米カリフォルニア州立大学バークレー校の研究者らが、3Dプリントされた部品を使用して、高速走行するゴキブリ型ロボット「X2-VelociRoACH」を開発した。この研究は今月、IEEE の International Conference on Robotics and Automation(ICRA)で発表された。

全力走行中のX2-VelociRoACHをハイスピードカメラで撮影した画像。 全力走行中のX2-VelociRoACHをハイスピードカメラで撮影した画像。

X2-VelociRoACHは重さわずか54gで全長10.4cmと小さいが、1秒間にその47倍の距離=4.9メートルを進む(本物のゴキブリの速さは秒速1.5メートルという)。ここで注目すべきは、高速化には3Dプリンタの活用が大きく貢献したという点だ。脚はモーターに直接連結された構造となっているため、走行速度はその回転数に依存する一方で、回転数が上がりすぎると走行中に分解してしまうという悩みがあった。

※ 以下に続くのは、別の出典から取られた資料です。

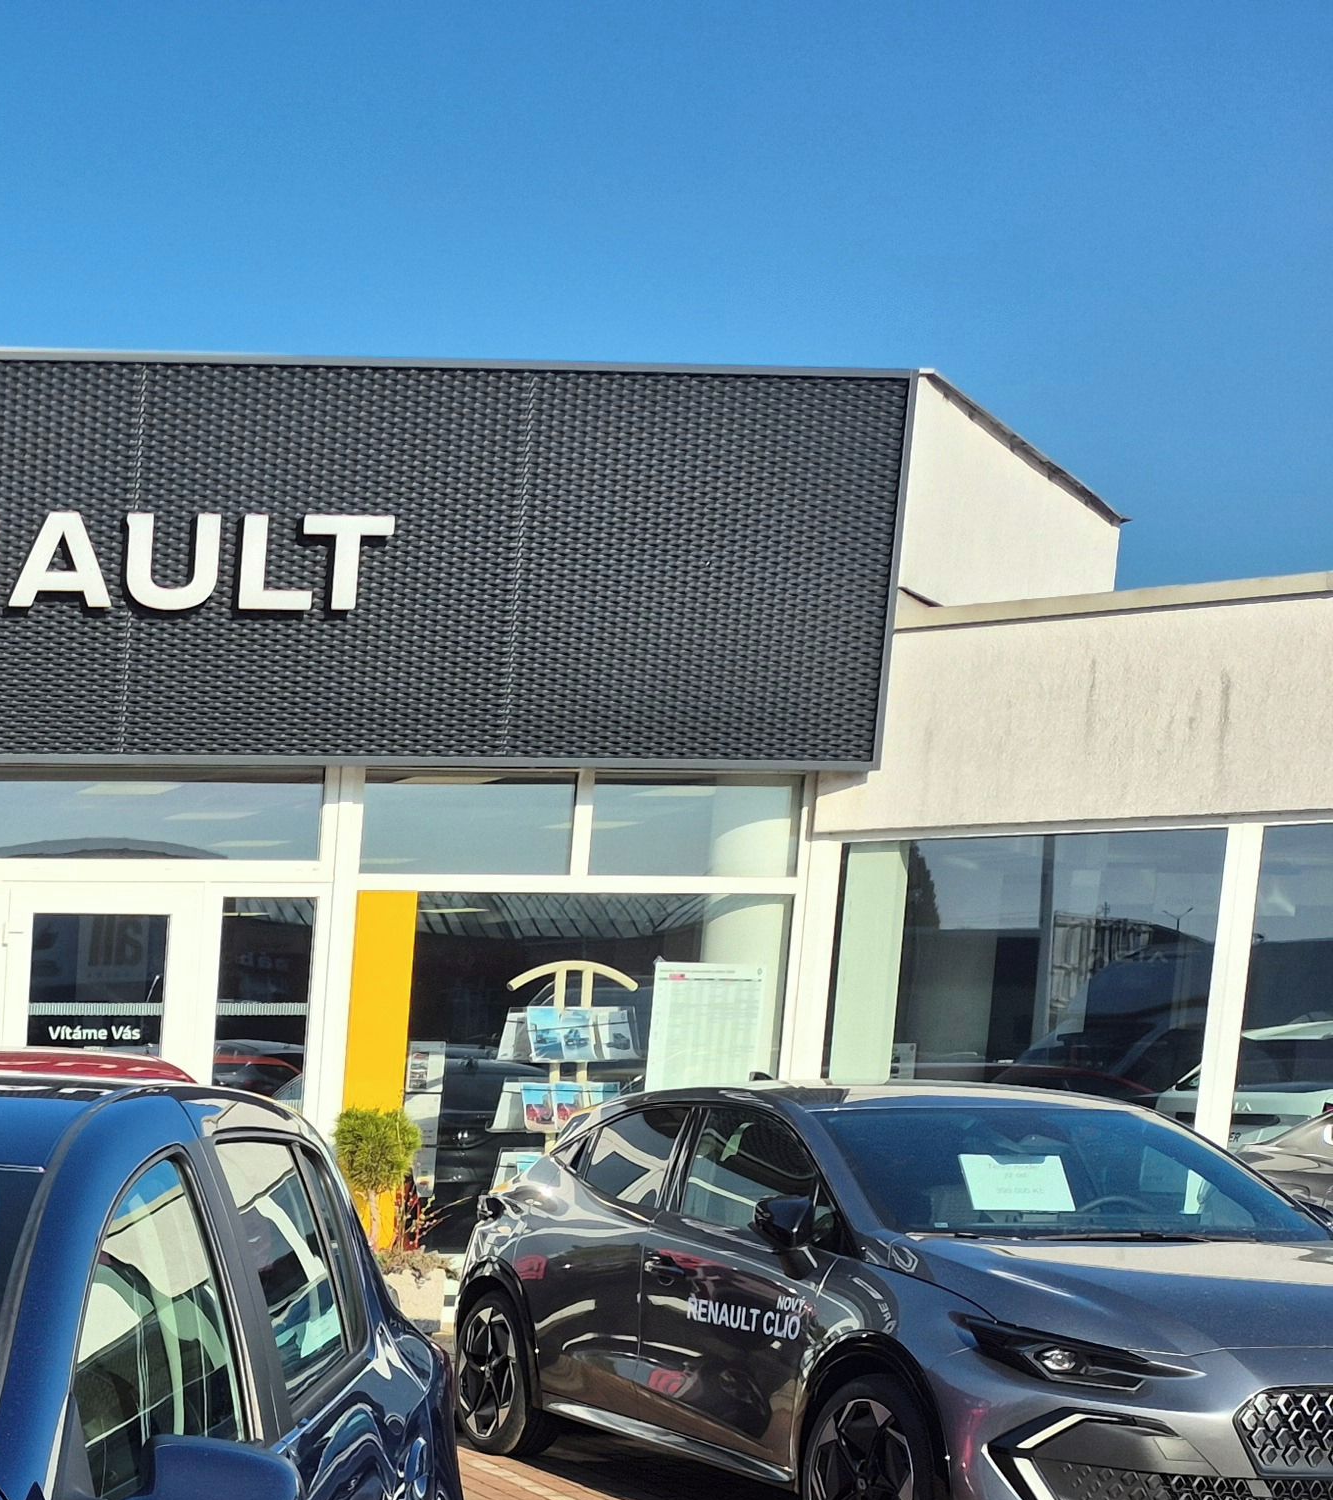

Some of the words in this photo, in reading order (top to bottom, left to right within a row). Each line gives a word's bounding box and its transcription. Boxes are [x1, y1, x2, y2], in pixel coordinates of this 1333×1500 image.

[48, 1025, 108, 1040] Vítáme
[110, 1025, 141, 1040] Vás
[686, 1296, 761, 1332] RENAULT
[762, 1311, 801, 1340] CLIO
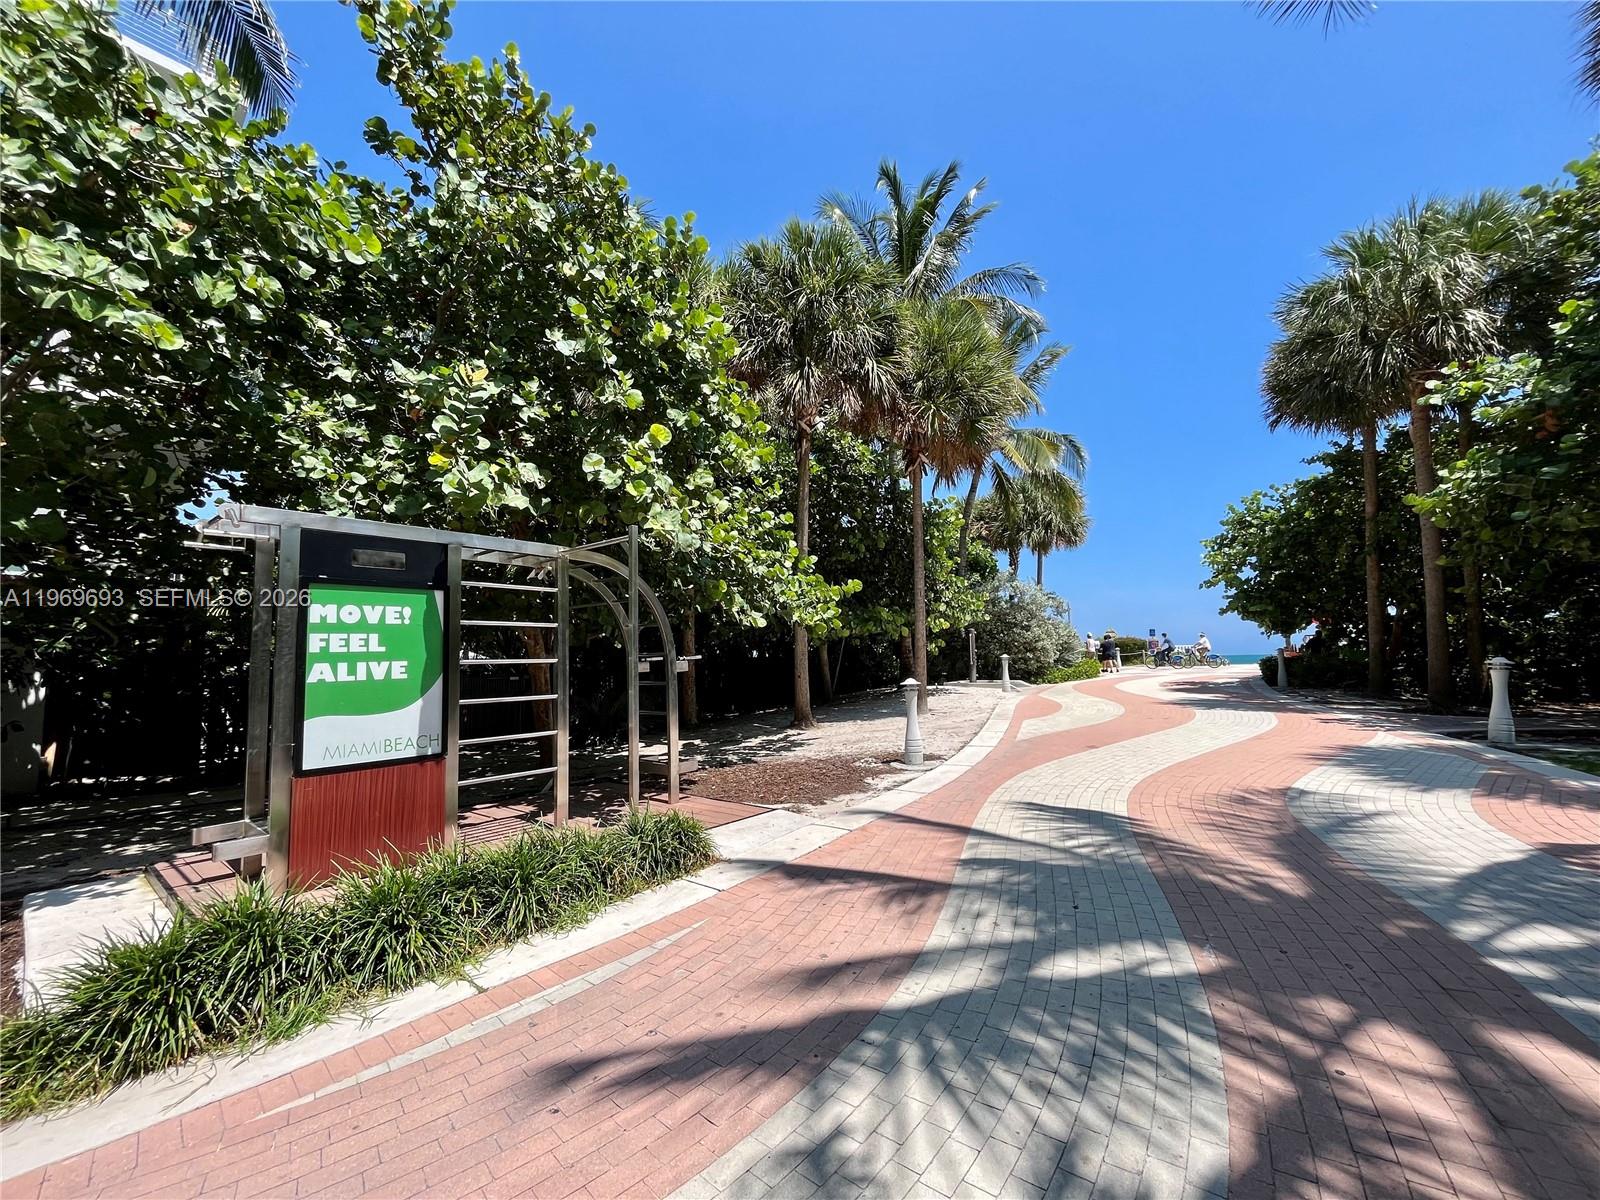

そこで、クランクにつながるベアリングに、3Dプリンタで出力したプラスチックパーツを使用したところ、ロボットの構造が堅牢なものになったという。

1つのモーターで6つの脚を動かしている。 1つのモーターで6つの脚を動かしている。

現状では、X2-VelociRoACHに必要なパーツすべてが3Dプリンタで対応できるわけではなく、ドライブシャフト等の特に強度が必要とされる部分についてはカーボンファイバー製のものを使用しているという。今後3Dプリンタのロボット分野での活躍がますます期待できそうだ。